• **Work instruction**:
With the pictures left out, every record must be reproduced exactly.

____

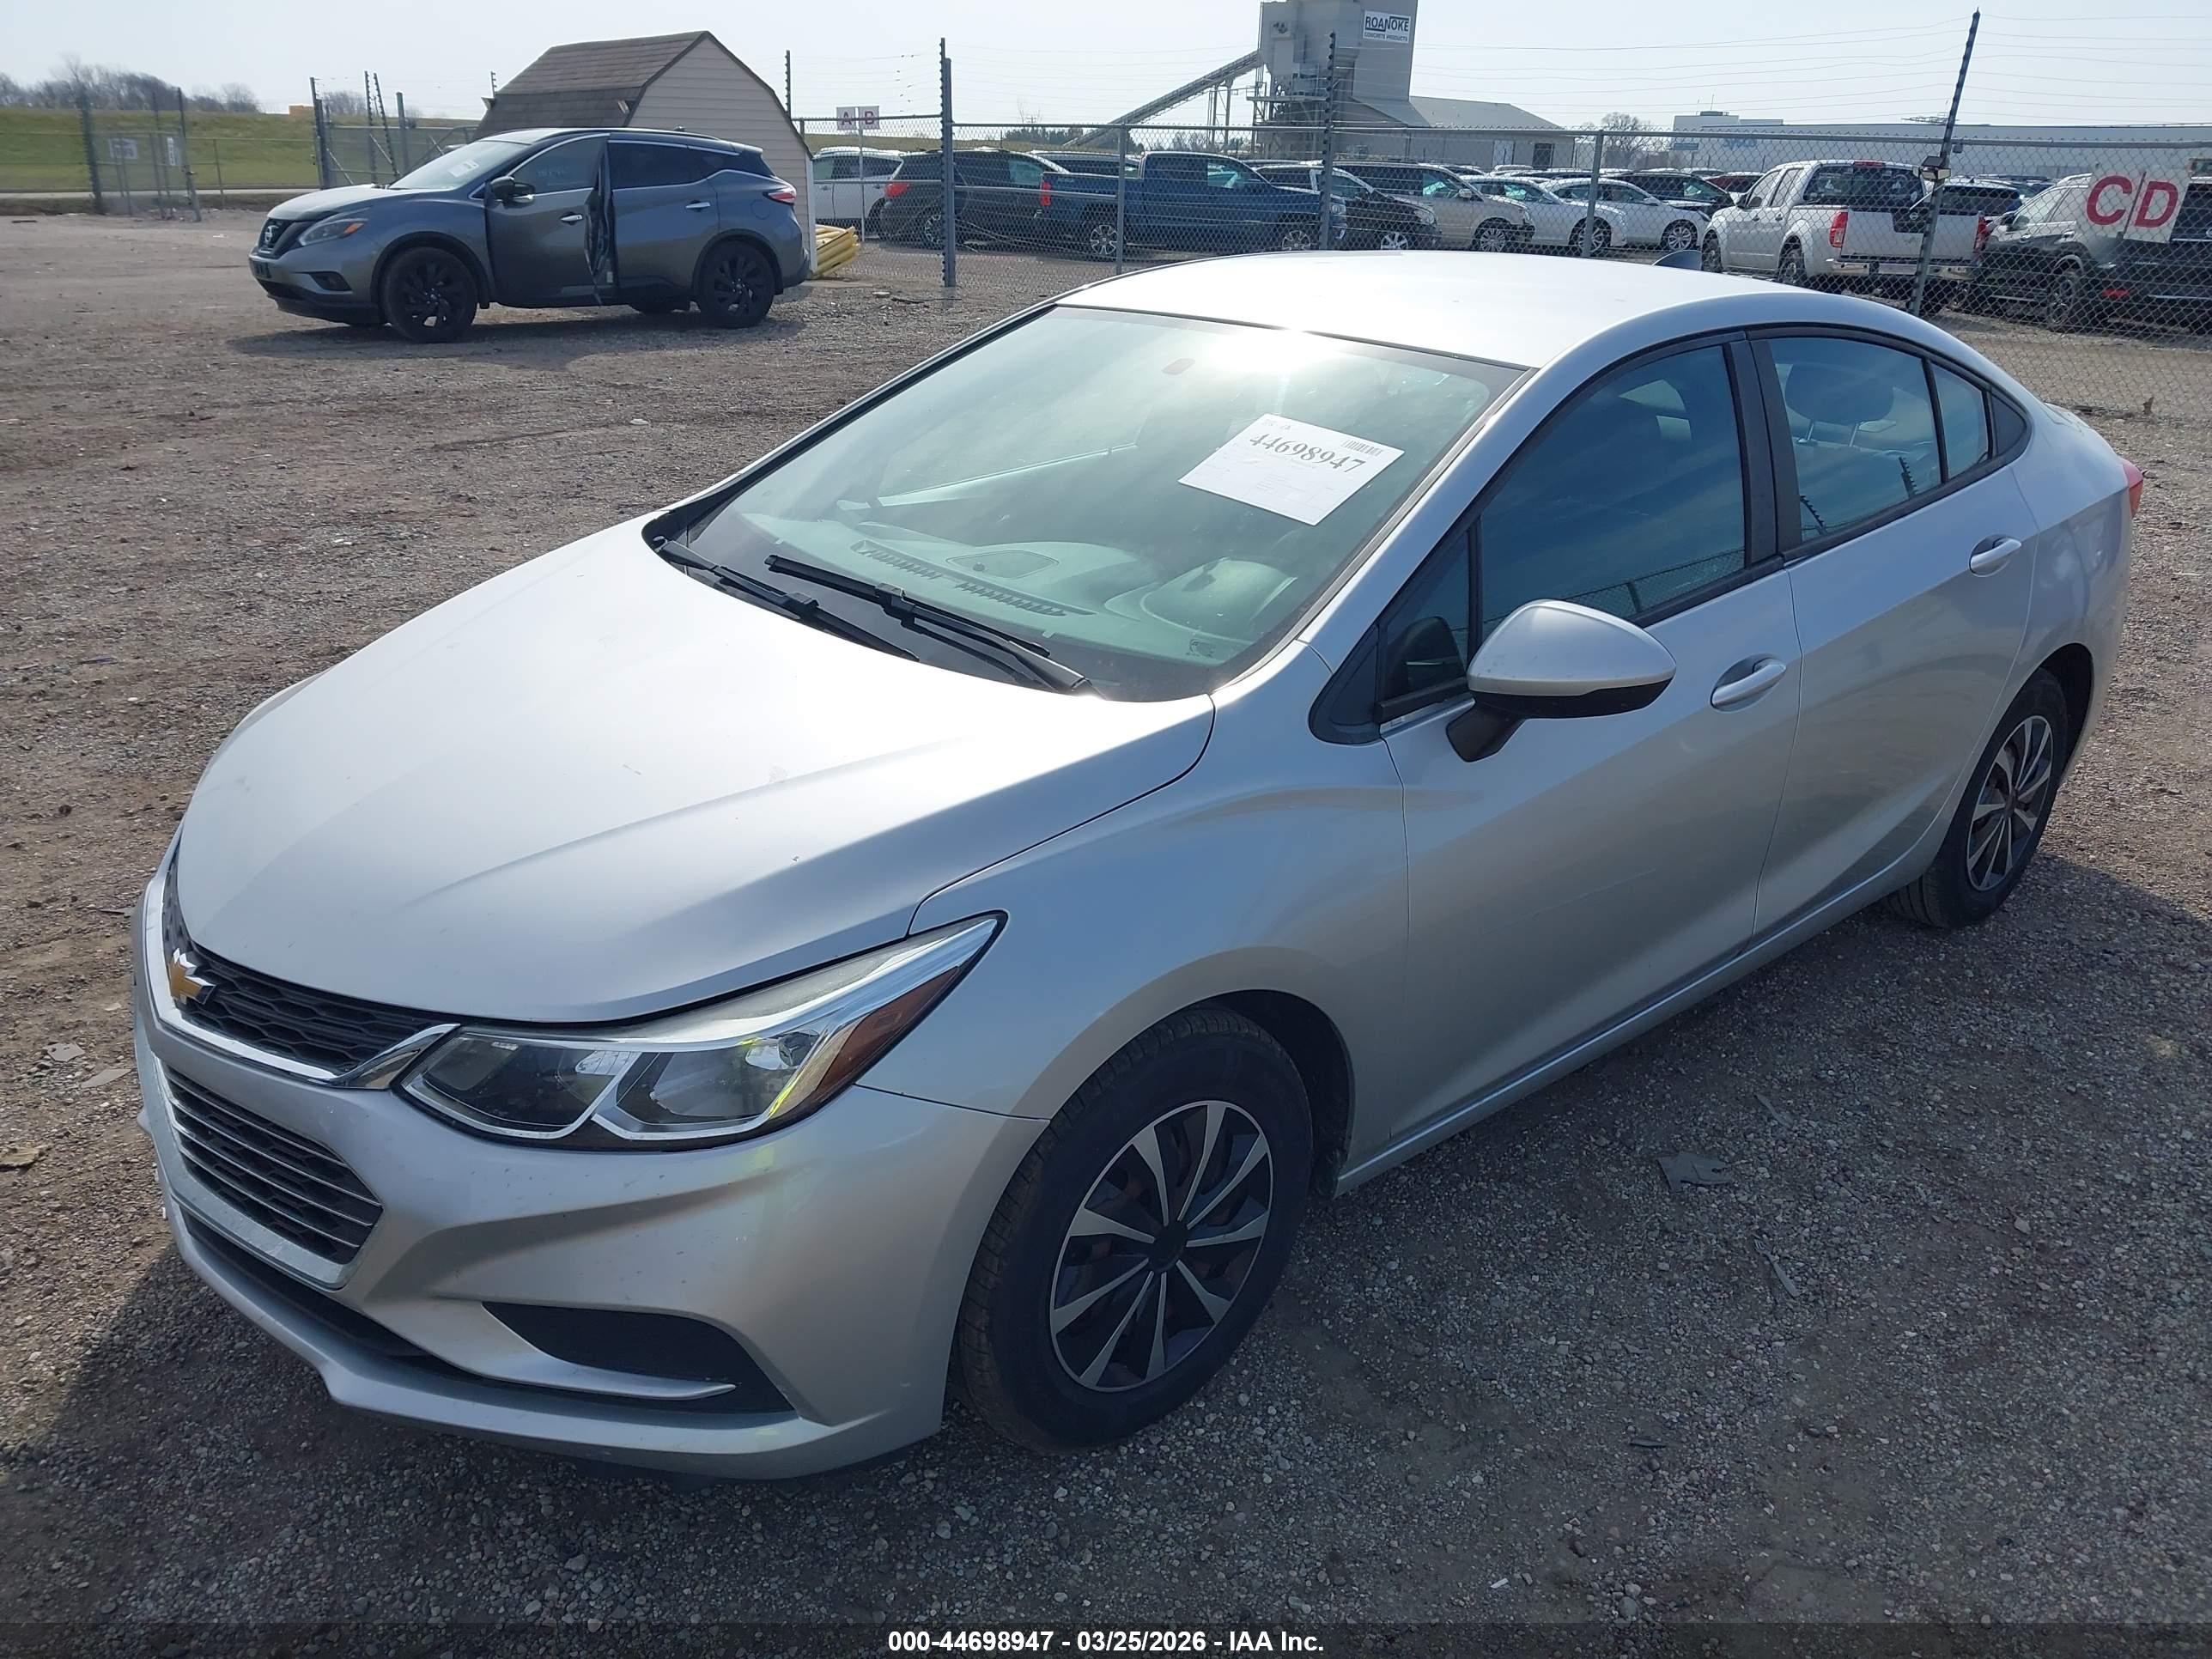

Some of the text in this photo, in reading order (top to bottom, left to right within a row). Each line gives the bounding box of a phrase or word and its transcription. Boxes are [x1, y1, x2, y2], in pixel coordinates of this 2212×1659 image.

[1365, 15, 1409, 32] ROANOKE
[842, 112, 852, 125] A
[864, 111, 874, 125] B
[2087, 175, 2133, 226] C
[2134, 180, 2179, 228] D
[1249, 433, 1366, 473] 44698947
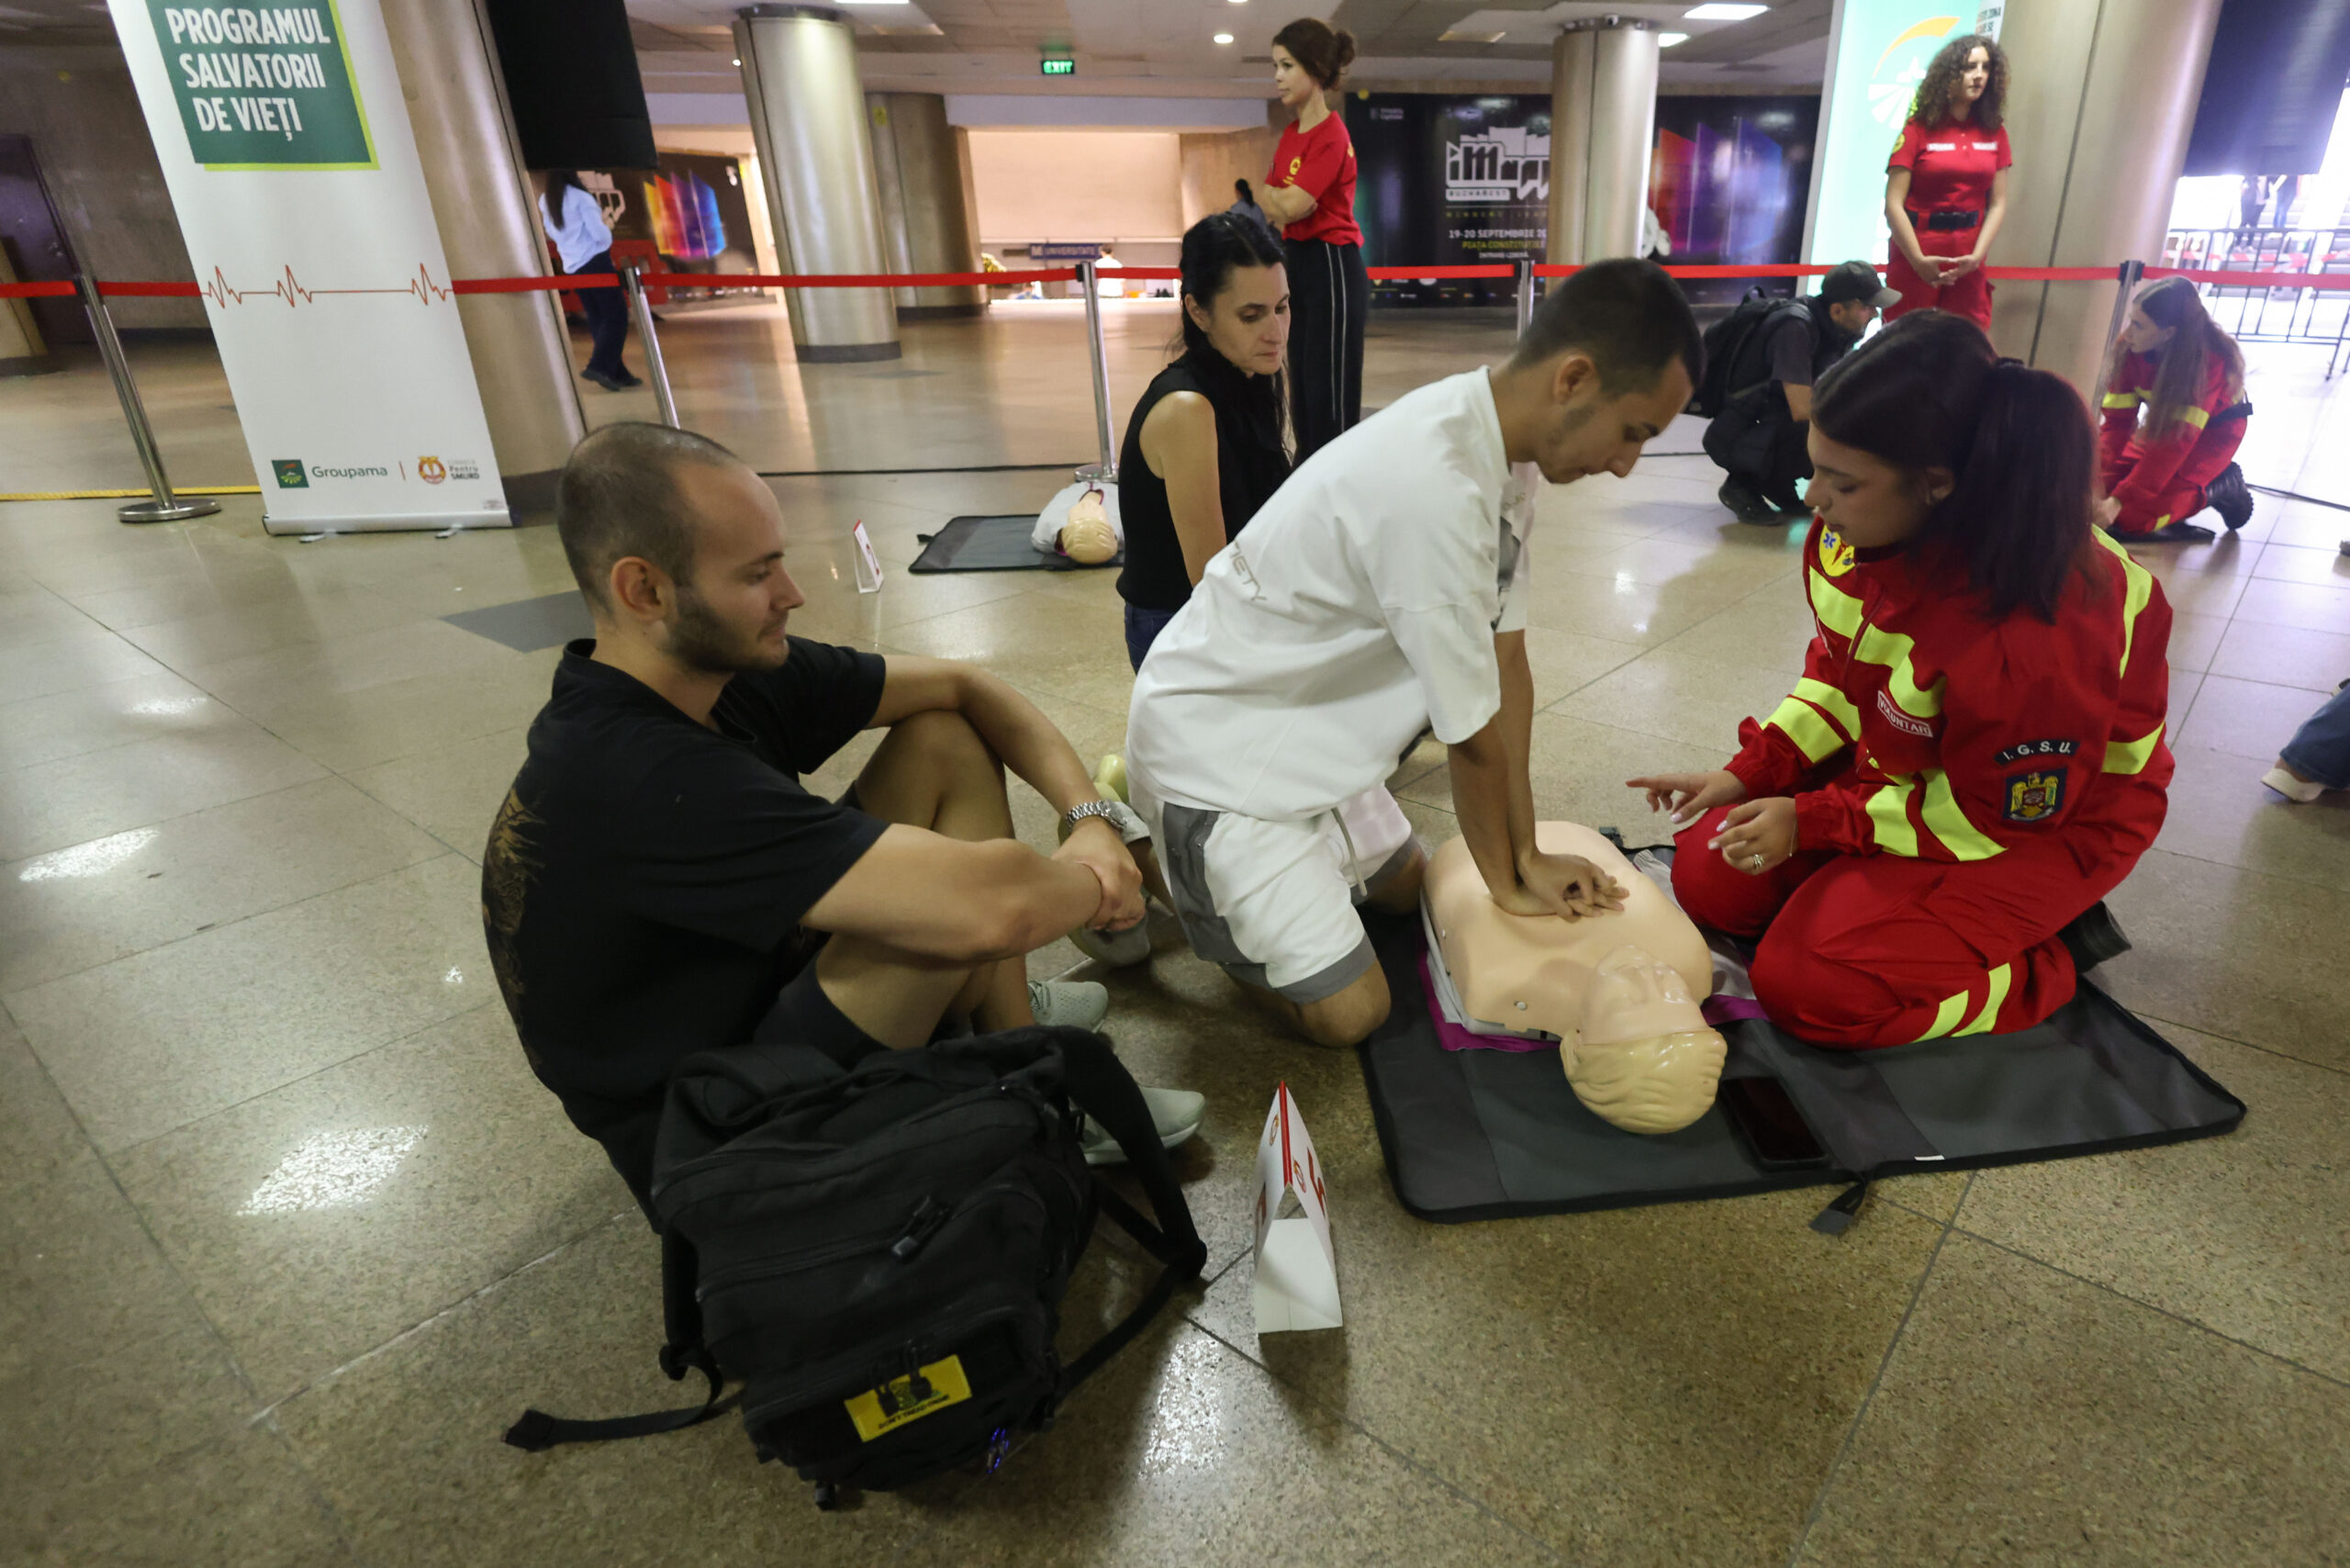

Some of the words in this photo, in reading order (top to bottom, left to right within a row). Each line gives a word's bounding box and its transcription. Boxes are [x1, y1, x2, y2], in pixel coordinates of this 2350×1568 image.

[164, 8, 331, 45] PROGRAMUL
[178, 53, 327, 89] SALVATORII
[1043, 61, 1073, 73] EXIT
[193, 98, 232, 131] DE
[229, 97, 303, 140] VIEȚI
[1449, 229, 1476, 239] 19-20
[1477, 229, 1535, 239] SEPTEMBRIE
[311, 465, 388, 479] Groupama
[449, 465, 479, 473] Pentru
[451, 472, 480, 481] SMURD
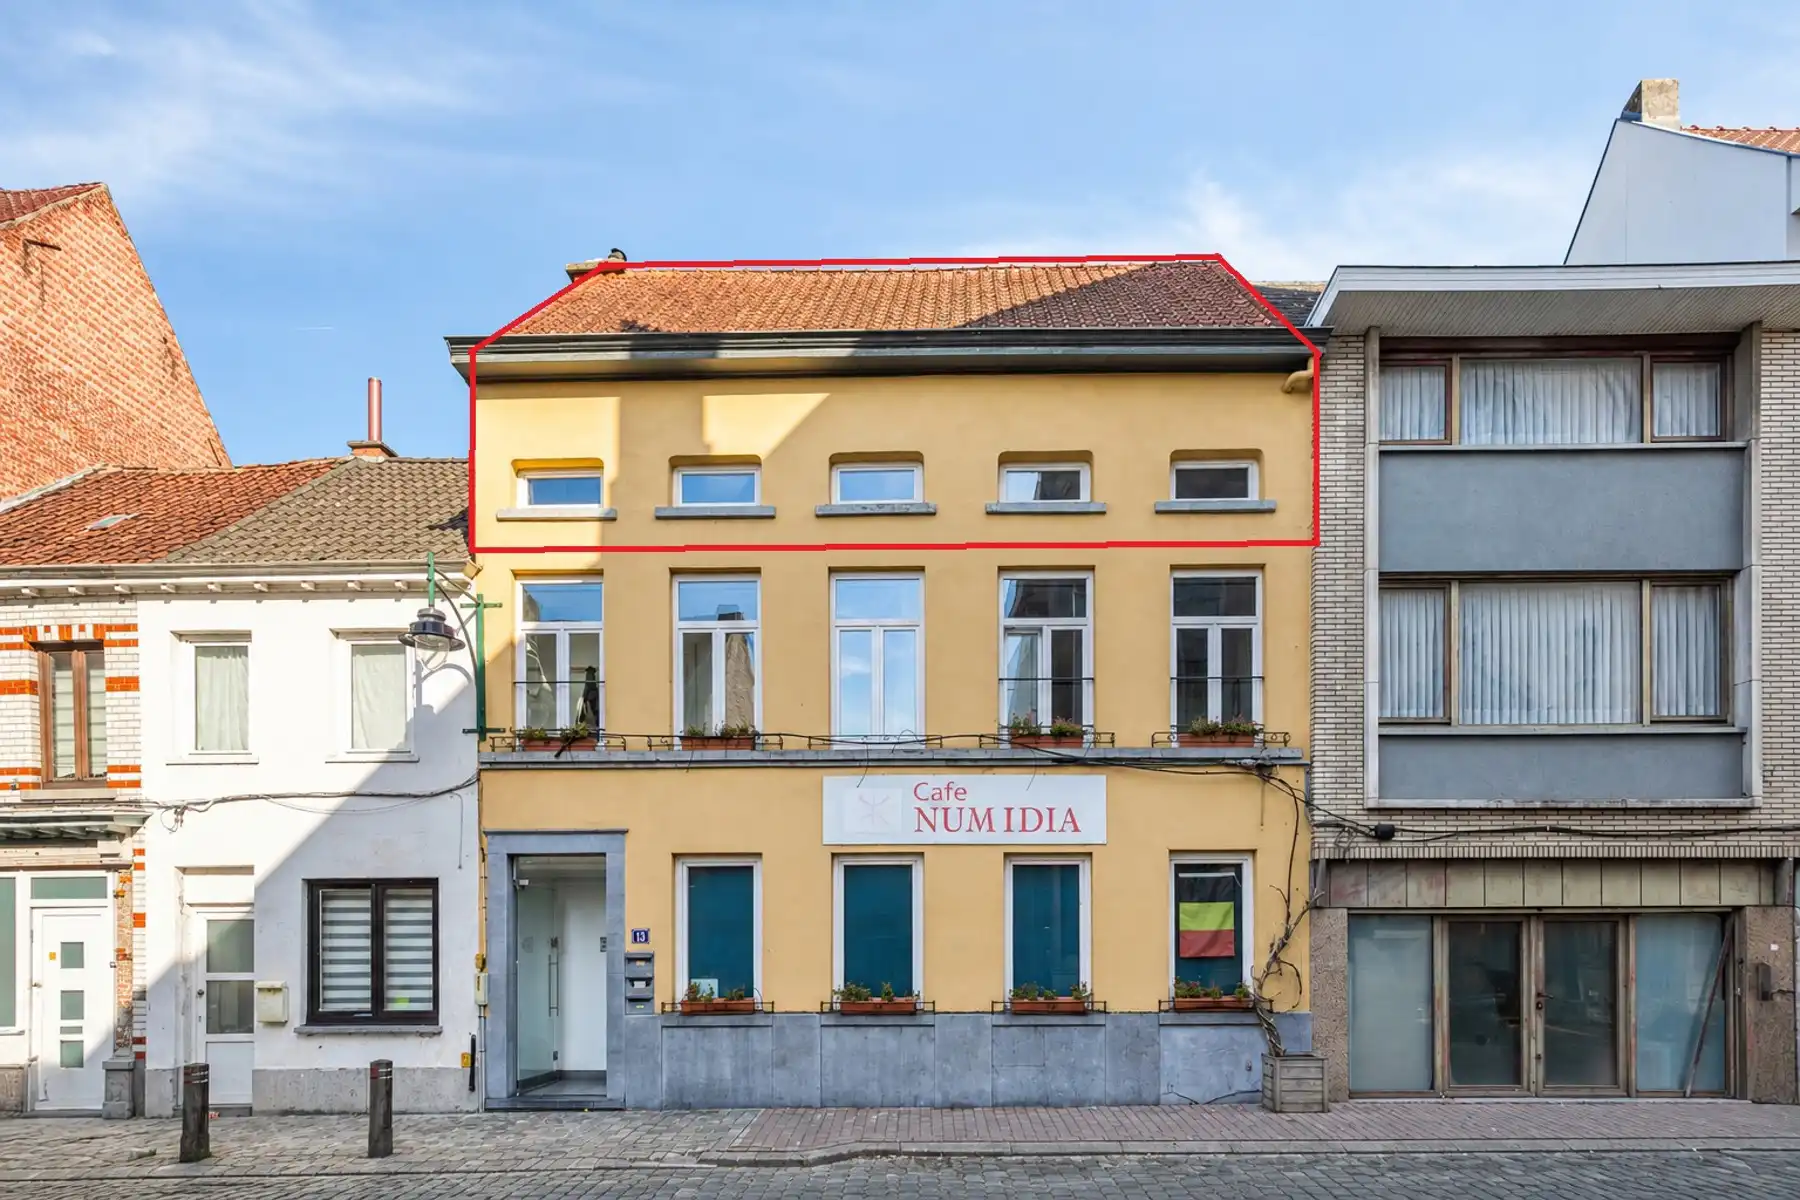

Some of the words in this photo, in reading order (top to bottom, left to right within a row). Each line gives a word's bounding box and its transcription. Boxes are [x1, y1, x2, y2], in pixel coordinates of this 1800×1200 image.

____

• **Written solution**:
Some of the text in this photo, in reading order (top to bottom, left to right within a row). Each line gives the bounding box of a phrase or word and its transcription. Boxes are [x1, y1, x2, y2], in pixel coordinates of this 2212×1659 image.

[1365, 15, 1409, 32] ROANOKE
[842, 112, 852, 125] A
[864, 111, 874, 125] B
[2087, 175, 2133, 226] C
[2134, 180, 2179, 228] D
[1249, 433, 1366, 473] 44698947

Some of the words in this photo, in reading order (top to bottom, left to right within a row). Each line gives a word's bounding box and its transcription. Boxes are [x1, y1, x2, y2], in pixel coordinates of this 2350×1568 image.

[164, 8, 331, 45] PROGRAMUL
[178, 53, 327, 89] SALVATORII
[1043, 61, 1073, 73] EXIT
[193, 98, 232, 131] DE
[229, 97, 303, 140] VIEȚI
[1449, 229, 1476, 239] 19-20
[1477, 229, 1535, 239] SEPTEMBRIE
[311, 465, 388, 479] Groupama
[449, 465, 479, 473] Pentru
[451, 472, 480, 481] SMURD

Some of the words in this photo, in reading order (top to bottom, left to right within a row). Each line gives a word's bounding box and its transcription. Boxes are [x1, y1, x2, y2], in pixel coordinates of this 1800×1200 image.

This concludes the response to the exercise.